BEGIN Data for review

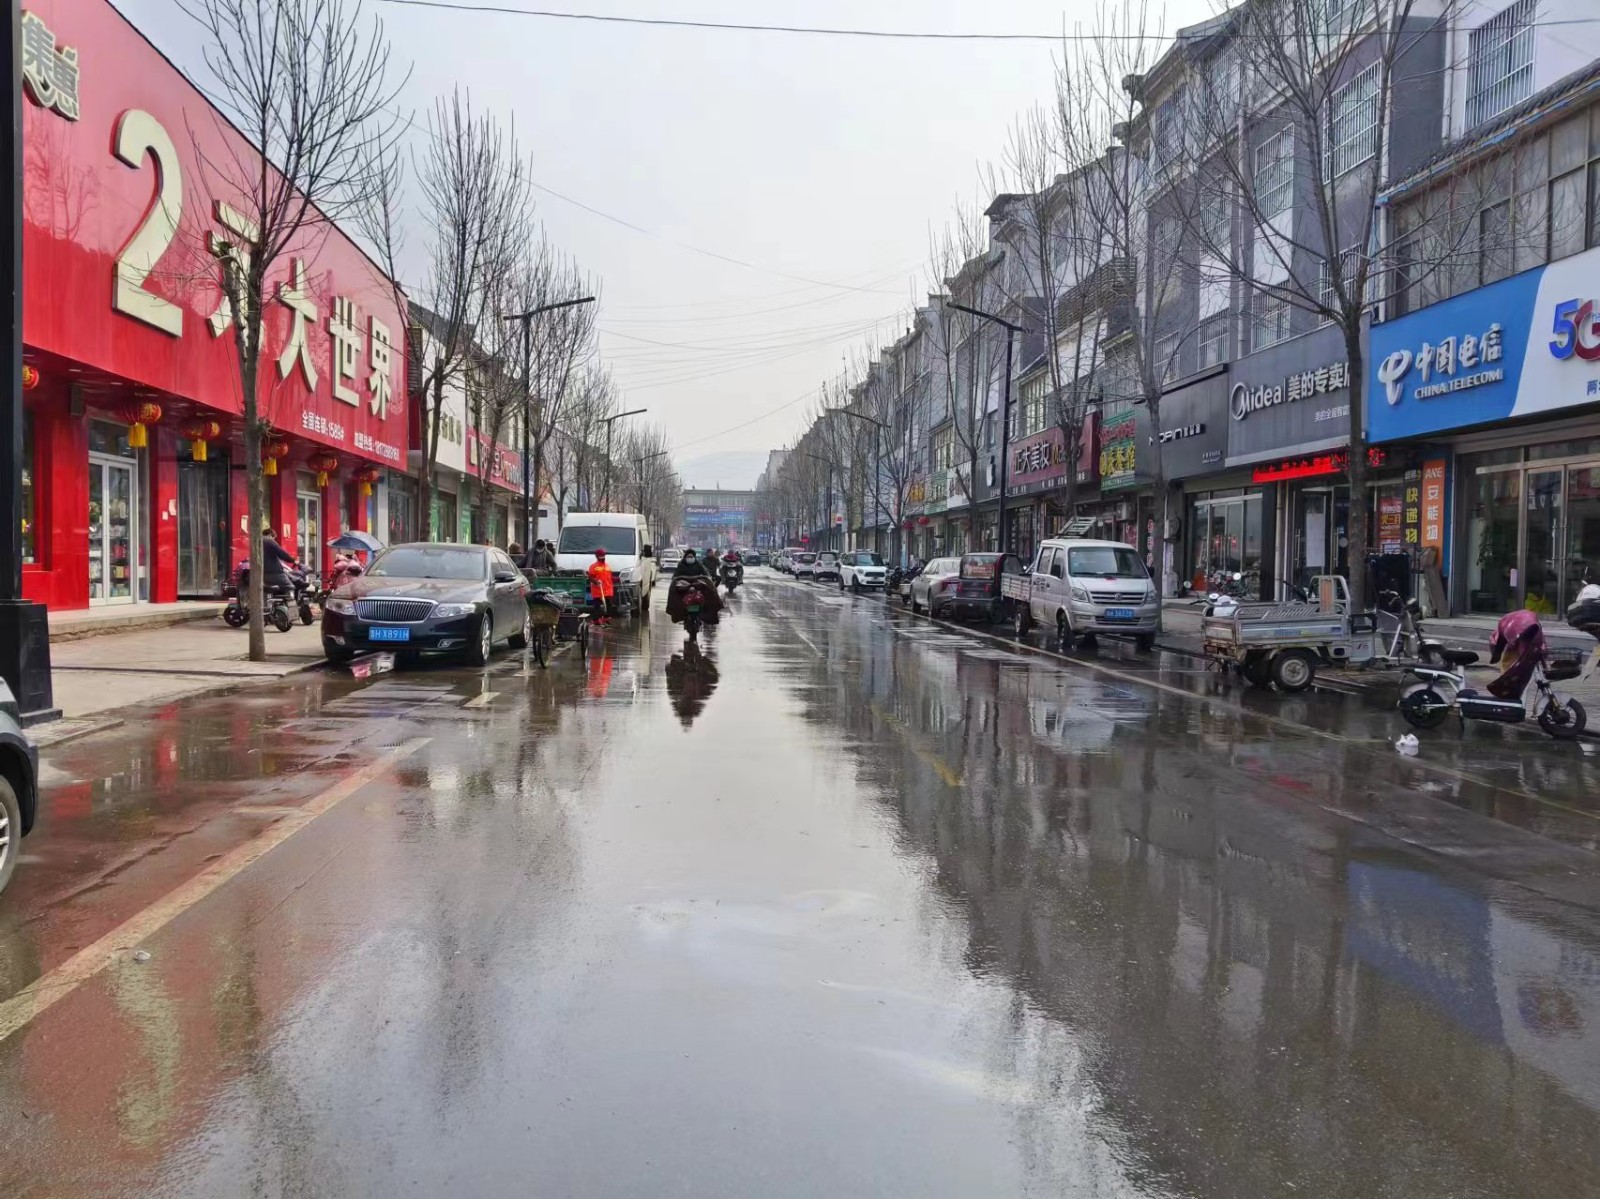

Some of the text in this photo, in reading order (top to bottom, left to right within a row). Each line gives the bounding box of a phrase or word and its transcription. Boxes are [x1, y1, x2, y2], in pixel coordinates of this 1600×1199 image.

[1549, 298, 1600, 360] 5G
[1415, 322, 1503, 382] 中国电信
[1231, 381, 1282, 421] Midea
[1414, 368, 1503, 399] CHINA TELECOM
[1587, 379, 1600, 396] 两
[1015, 440, 1050, 475] 正大美妆
[1405, 487, 1419, 544] 快递物
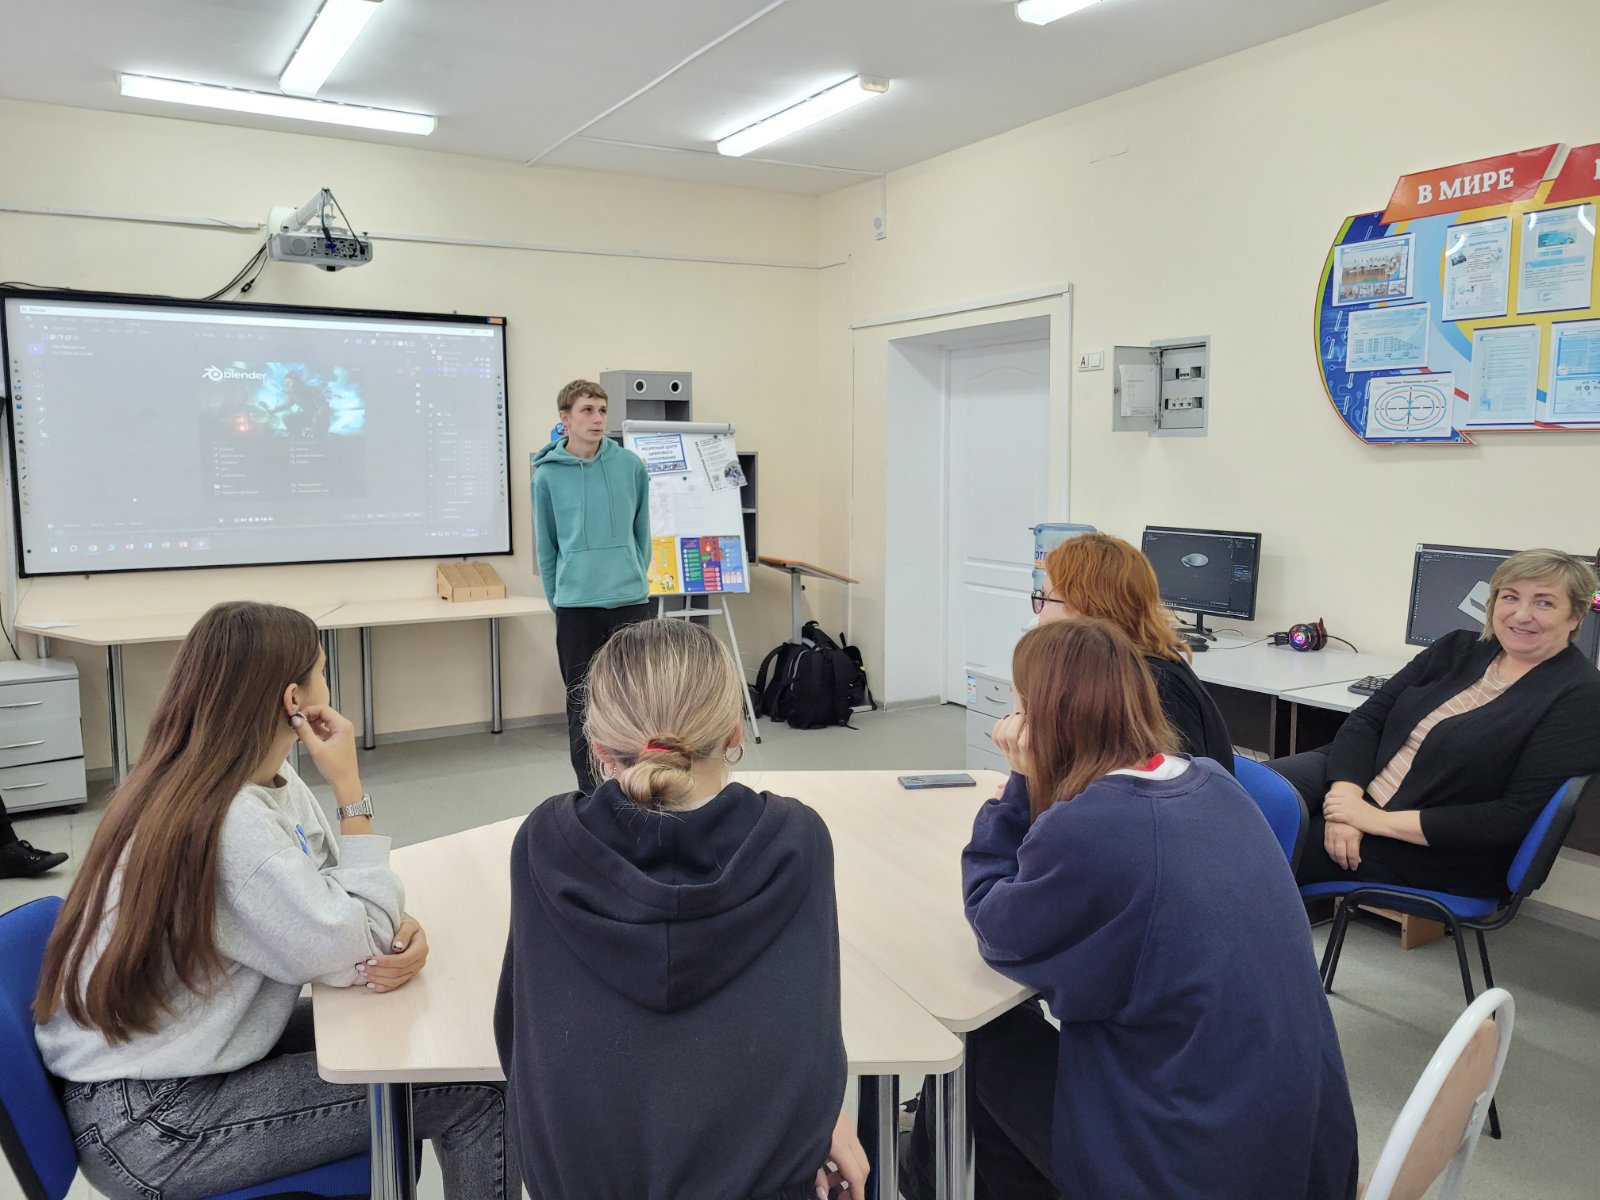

END Data for review

Prompt ->
Exact copy, no pictures: set down all the entries again as they stand.

Written answer ->
Some of the text in this photo, in reading order (top to bottom, left to right within a row). Each line gives the bounding box of a phrase or word and its transcription. Boxes are [x1, y1, x2, y2], in pixel coordinates of this 1600×1199 image.

[1549, 298, 1600, 360] 5G
[1415, 322, 1503, 382] 中国电信
[1231, 381, 1282, 421] Midea
[1414, 368, 1503, 399] CHINA TELECOM
[1587, 379, 1600, 396] 两
[1015, 440, 1050, 475] 正大美妆
[1405, 487, 1419, 544] 快递物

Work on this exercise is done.